____ TASK MATERIAL

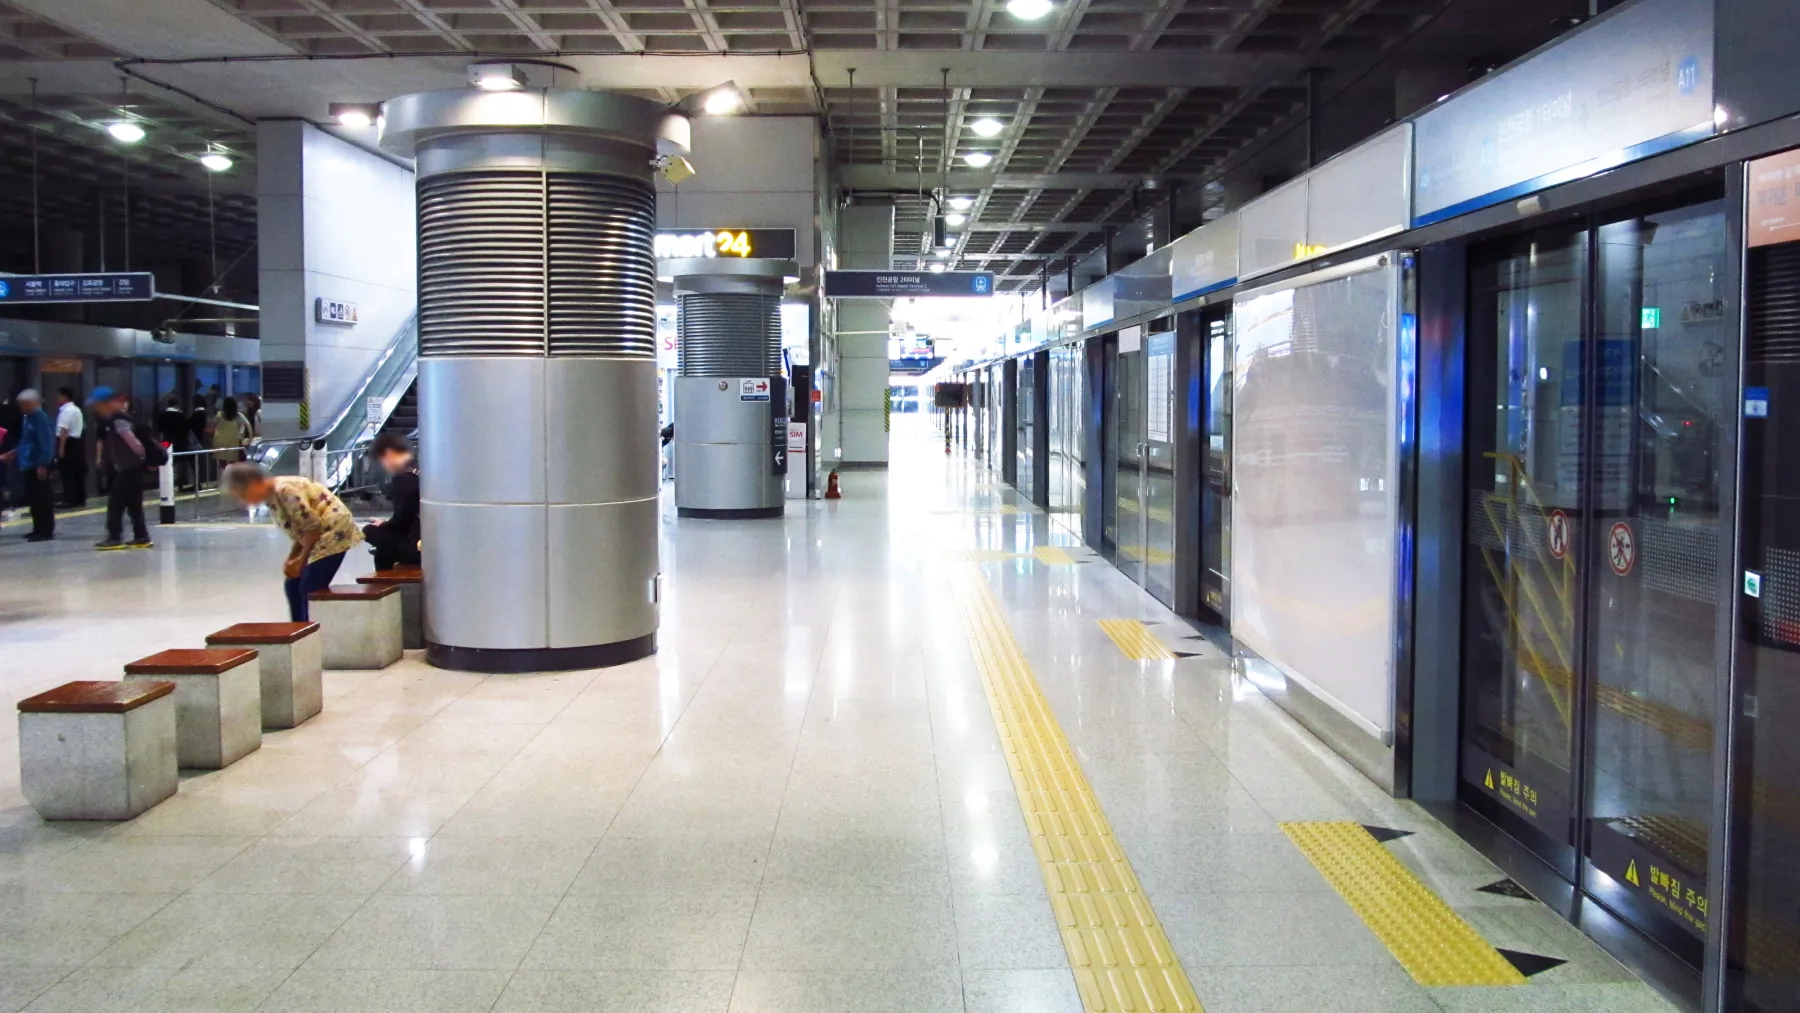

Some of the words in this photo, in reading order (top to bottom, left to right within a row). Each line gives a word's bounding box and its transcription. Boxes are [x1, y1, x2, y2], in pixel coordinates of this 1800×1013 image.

[1677, 65, 1696, 91] A11
[1500, 770, 1520, 796] 발빠짐
[1523, 784, 1537, 807] 주의
[1649, 864, 1681, 900] 발빠짐
[1685, 887, 1707, 918] 주의

________

Although the records above include pictures, the copy must contain only their exact text.

• **ANSWER SECTION**
Some of the words in this photo, in reading order (top to bottom, left to right within a row). Each line gives a word's bounding box and its transcription. Boxes are [x1, y1, x2, y2], in pixel coordinates of this 1800×1013 image.

[1677, 65, 1696, 91] A11
[1500, 770, 1520, 796] 발빠짐
[1523, 784, 1537, 807] 주의
[1649, 864, 1681, 900] 발빠짐
[1685, 887, 1707, 918] 주의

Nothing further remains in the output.